By setting the signal line so that it exceeds the threshold level Vth, you can detect this before the signal line is completely disconnected. In addition, the buffer amplifier 21 also sends out a sensor signal pulse that is wider than the diagnostic pulse A during the ON period T2 of the sensor element ₄ , but since the two pulses have different frequencies, it is easy to distinguish them. is the sensor signal detection circuit 10
Therefore, in this case, the sensor signal detection circuit 10 can be omitted.

In the above circuit, only the case where the diagnostic pulse generation circuit 8 is configured by an operational amplifier circuit and the disconnection determination circuit 9 is configured by a buffer amplifier has been described, but the present invention is not limited to this. Needless to say, it is not limited to a specific circuit, and may be achieved by any circuit.

As explained above, the signal line diagnostic circuit according to the present invention provides a sensor section with a constant output impedance, supplies diagnostic pulses with a constant period to the signal line from the signal processing section, and Disconnection of the signal line is determined by determining the potential.
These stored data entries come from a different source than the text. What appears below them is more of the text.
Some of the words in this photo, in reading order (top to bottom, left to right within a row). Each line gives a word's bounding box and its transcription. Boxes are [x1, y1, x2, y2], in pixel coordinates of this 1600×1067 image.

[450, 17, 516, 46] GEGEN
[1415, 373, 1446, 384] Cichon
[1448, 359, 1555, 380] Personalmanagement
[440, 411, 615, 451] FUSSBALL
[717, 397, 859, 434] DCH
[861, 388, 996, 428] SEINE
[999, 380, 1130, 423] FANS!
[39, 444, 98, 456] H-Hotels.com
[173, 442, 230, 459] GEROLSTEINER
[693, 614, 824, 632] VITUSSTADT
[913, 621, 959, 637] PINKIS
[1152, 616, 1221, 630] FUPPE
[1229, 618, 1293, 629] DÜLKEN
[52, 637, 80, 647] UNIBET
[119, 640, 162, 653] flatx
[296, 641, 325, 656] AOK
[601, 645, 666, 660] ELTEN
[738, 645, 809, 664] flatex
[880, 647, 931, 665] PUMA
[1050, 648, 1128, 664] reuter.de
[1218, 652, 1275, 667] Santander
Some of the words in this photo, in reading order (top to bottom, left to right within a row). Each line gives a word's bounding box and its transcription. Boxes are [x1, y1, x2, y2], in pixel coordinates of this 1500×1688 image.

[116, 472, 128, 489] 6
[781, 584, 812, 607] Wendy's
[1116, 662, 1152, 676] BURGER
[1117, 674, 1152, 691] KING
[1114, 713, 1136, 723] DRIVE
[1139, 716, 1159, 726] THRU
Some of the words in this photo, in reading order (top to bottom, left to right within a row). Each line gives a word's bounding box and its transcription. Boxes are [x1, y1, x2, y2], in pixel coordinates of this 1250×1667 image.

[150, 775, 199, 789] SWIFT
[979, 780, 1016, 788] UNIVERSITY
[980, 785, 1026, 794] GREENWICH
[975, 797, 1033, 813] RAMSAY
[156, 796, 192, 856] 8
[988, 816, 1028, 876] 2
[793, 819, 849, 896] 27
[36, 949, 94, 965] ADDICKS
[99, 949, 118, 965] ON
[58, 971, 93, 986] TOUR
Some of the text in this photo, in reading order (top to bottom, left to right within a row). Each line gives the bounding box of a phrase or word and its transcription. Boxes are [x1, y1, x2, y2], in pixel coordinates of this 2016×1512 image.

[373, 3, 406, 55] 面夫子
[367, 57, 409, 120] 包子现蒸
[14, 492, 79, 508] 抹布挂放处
Therefore, although it has a simple configuration, it has the excellent effect of being able to constantly and reliably diagnose signal lines.

[Brief explanation of the drawing]

FIG. 1 is a circuit diagram showing an embodiment of a signal line diagnostic circuit according to the present invention, and FIGS. 2a to 2d are operation waveform diagrams of various parts of the circuit shown in FIG. 1. 1... Sensor section, 2... Signal processing section, 3... Signal line, 4... Sensor element, 5... Impedance element, 6, 22... Diode, 7, 20, 23
...Resistor, 8...Diagnostic pulse generation circuit, 9...Disconnection determination circuit, 10...Sensor signal detection circuit.

Claims (1)

[Scope of utility model registration request] a sensor section in which an impedance element is connected to the sensor element and the output impedance of the sensor element is set to a predetermined value when the sensor element is inactive; a signal line connected to the output of the sensor section; and an output signal of the sensor section. a diagnostic pulse generation circuit that supplies a diagnostic pulse of a predetermined frequency to the sensor unit via the signal line in accordance with the potential of the signal line. and a disconnection determination circuit that detects that the potential of the signal line is out of a set value and extracts the diagnostic pulse to indicate a disconnection of the signal line.